[Opening Source material section]

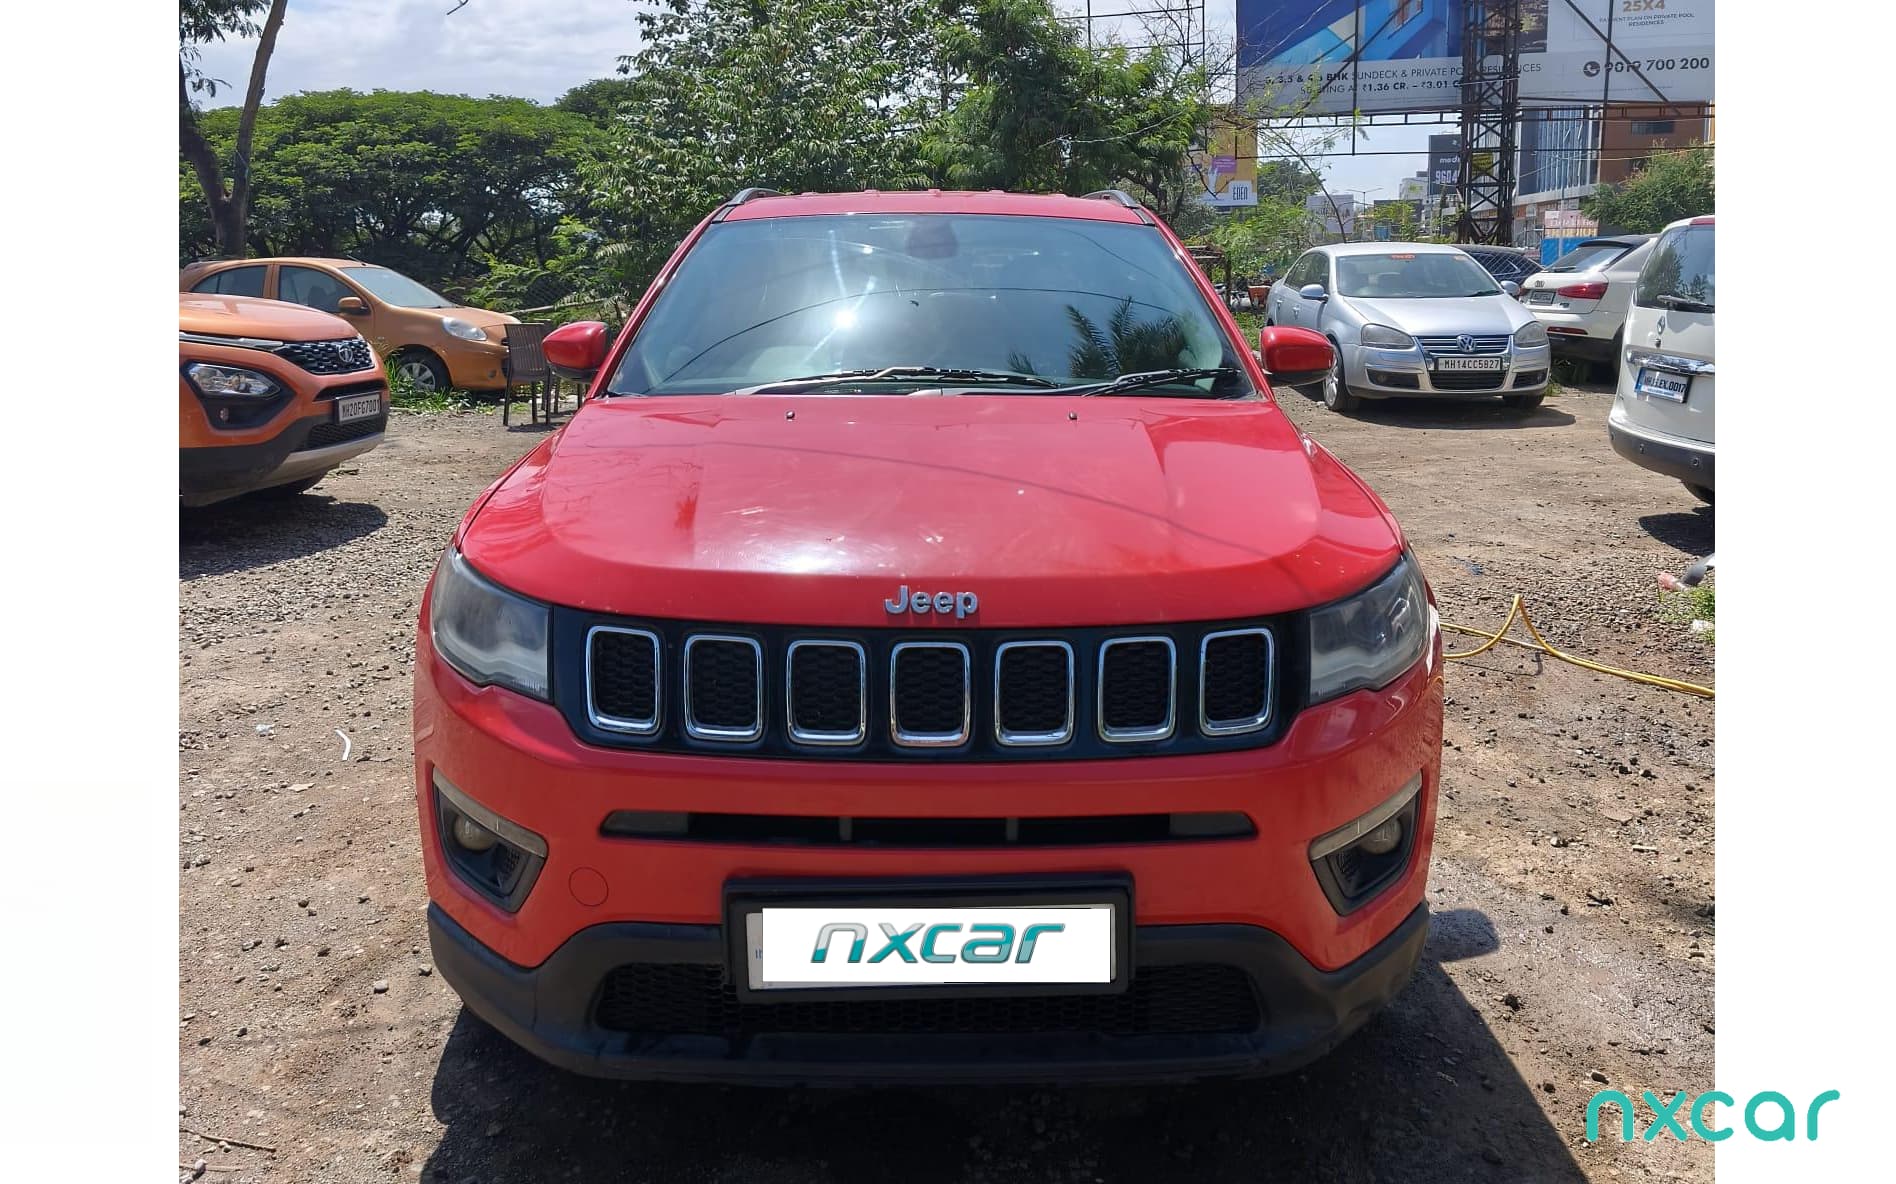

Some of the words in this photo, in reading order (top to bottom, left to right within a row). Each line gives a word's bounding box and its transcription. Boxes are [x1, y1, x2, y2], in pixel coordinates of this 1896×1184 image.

[1623, 0, 1665, 12] 25X4
[1646, 59, 1676, 71] 700
[1680, 57, 1710, 70] 200
[1401, 68, 1408, 78] &
[1411, 67, 1447, 78] PRIVATE
[1444, 359, 1500, 369] MH14CC5827
[884, 585, 978, 619] Jeep
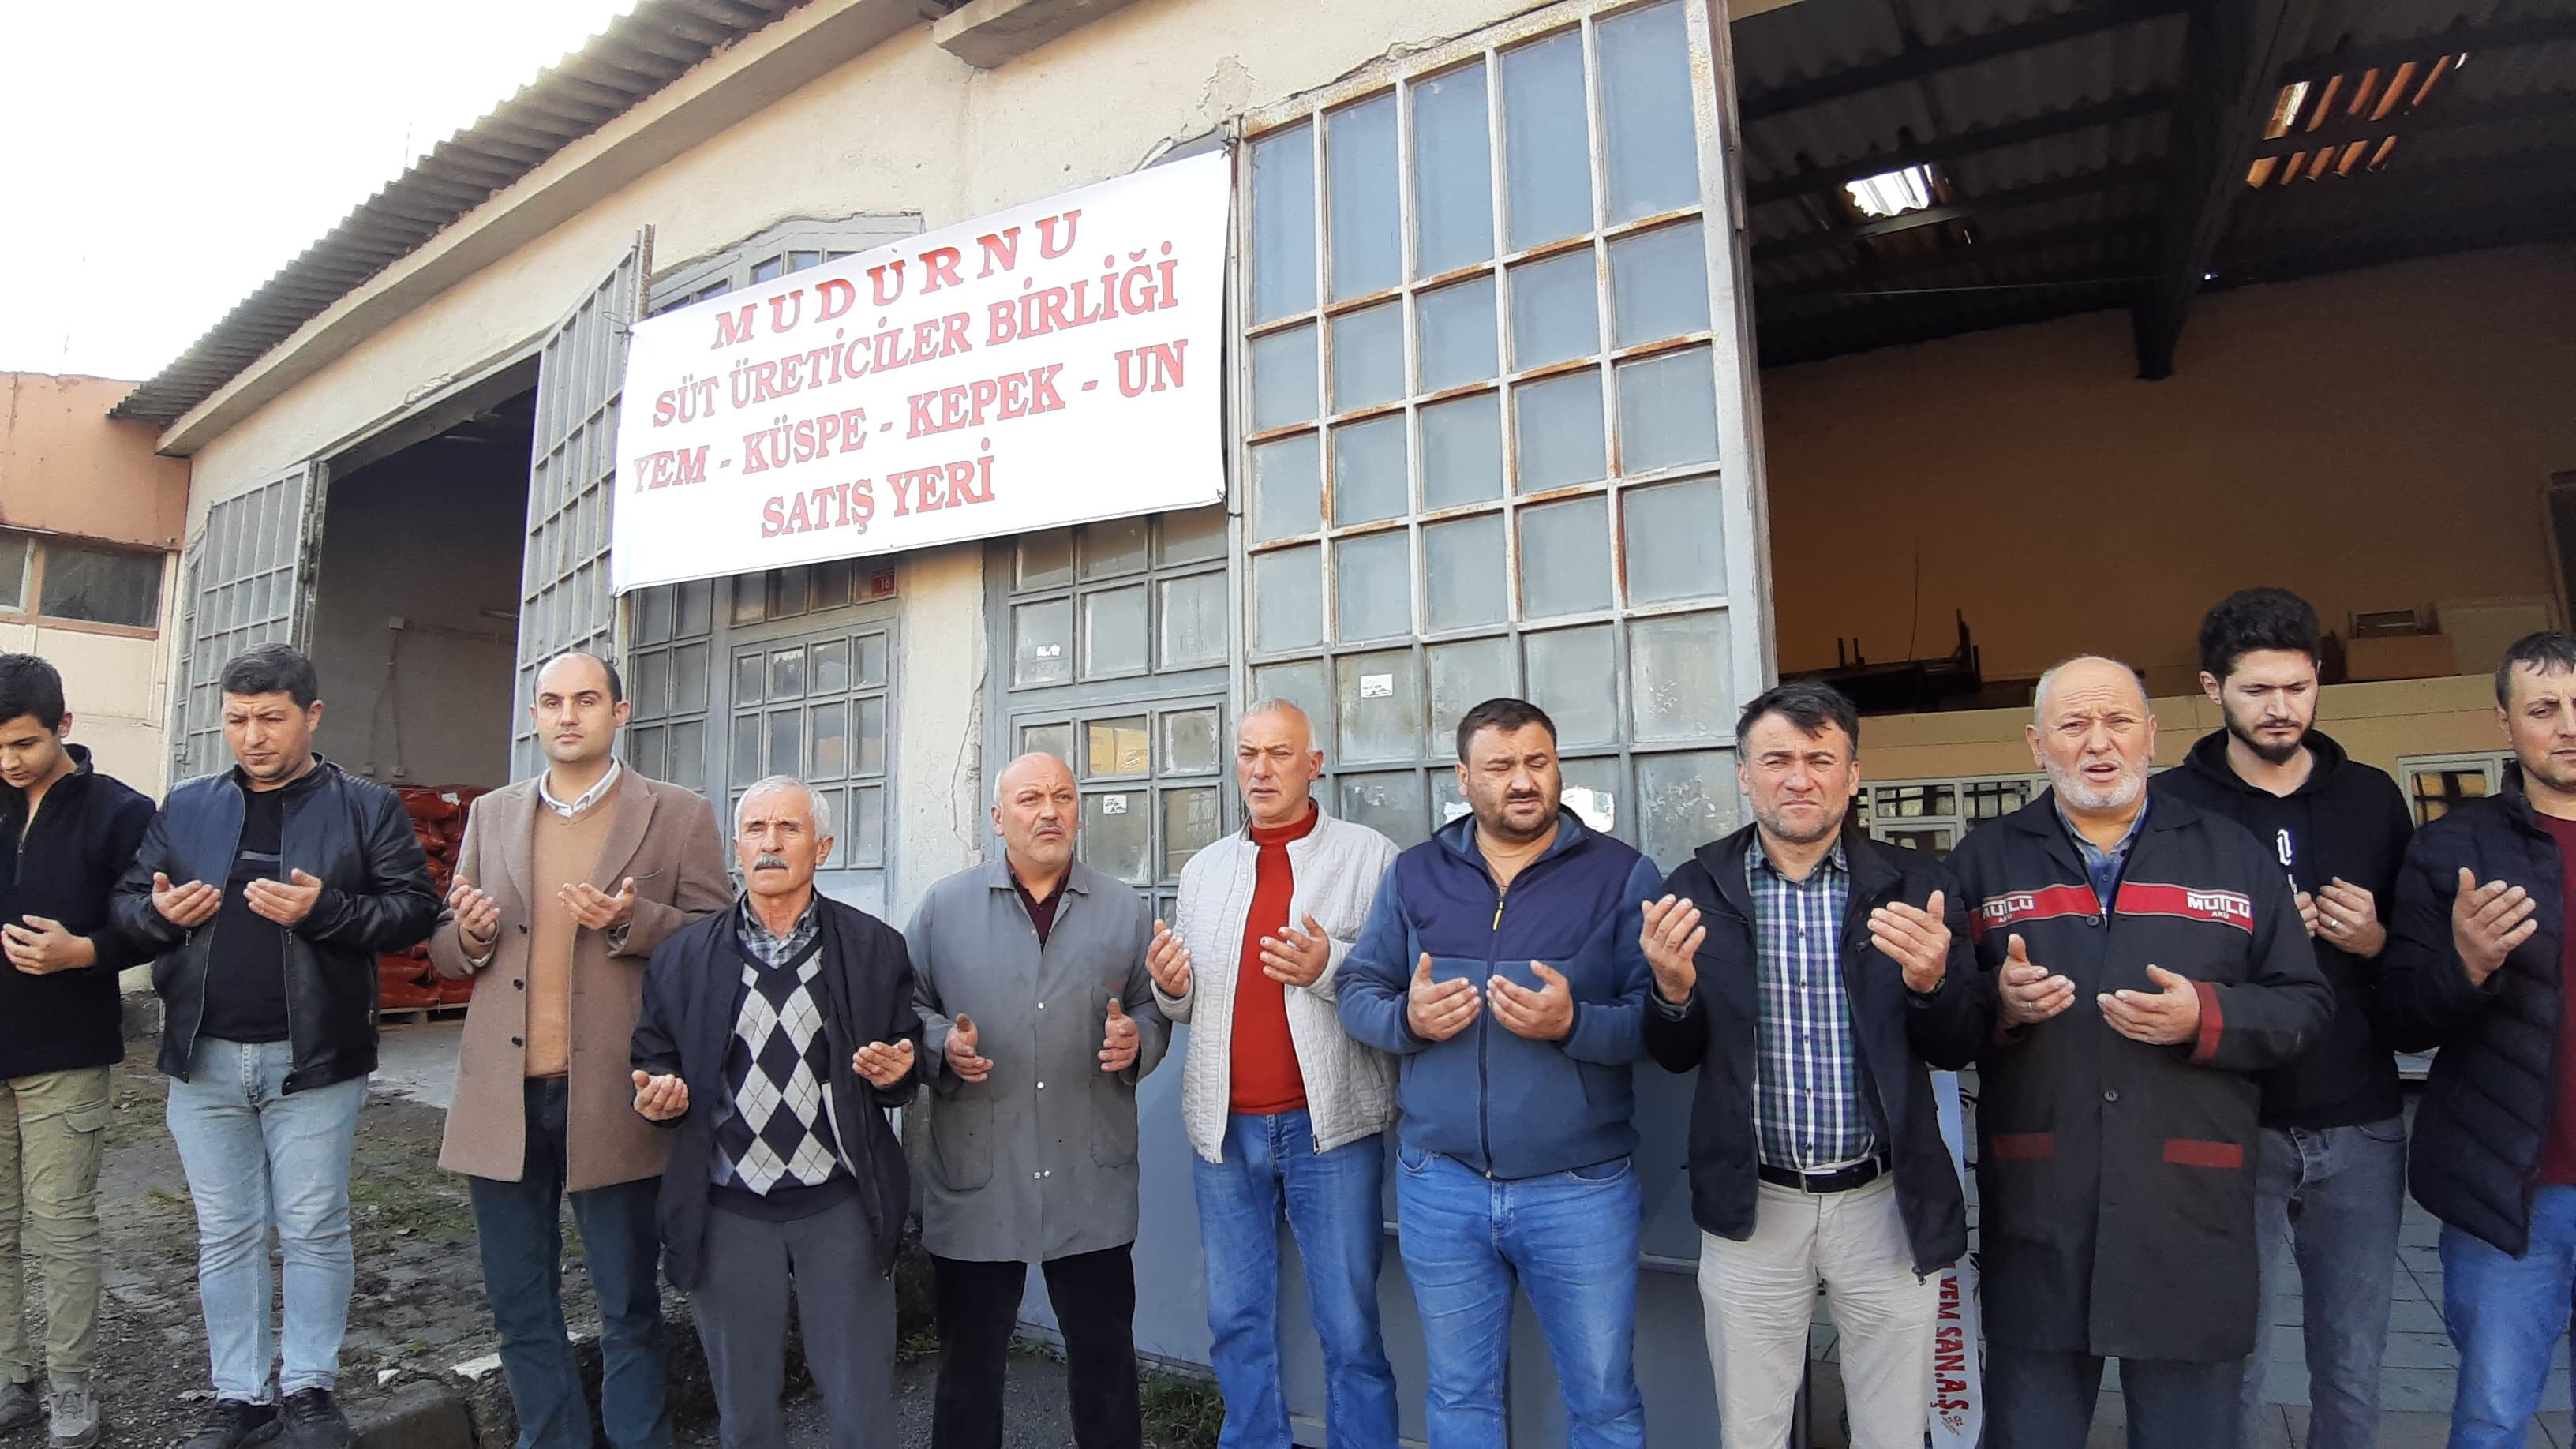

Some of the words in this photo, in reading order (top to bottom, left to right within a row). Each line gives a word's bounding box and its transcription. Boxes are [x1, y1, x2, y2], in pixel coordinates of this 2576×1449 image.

[Closing Source material section]

• **Problem**
Could you transcribe all of the data exactly and omit the pictures?

• **Exercise solution**
Some of the words in this photo, in reading order (top to bottom, left to right within a row). Each line gives a word's bounding box and its transcription. Boxes are [x1, y1, x2, y2], in pixel coordinates of this 1896×1184 image.

[1623, 0, 1665, 12] 25X4
[1646, 59, 1676, 71] 700
[1680, 57, 1710, 70] 200
[1401, 68, 1408, 78] &
[1411, 67, 1447, 78] PRIVATE
[1444, 359, 1500, 369] MH14CC5827
[884, 585, 978, 619] Jeep

Some of the words in this photo, in reading order (top to bottom, left to right within a row). Each line gives a word's bounding box and its transcription. Boxes are [x1, y1, x2, y2], in pixel coordinates of this 2576×1449 image.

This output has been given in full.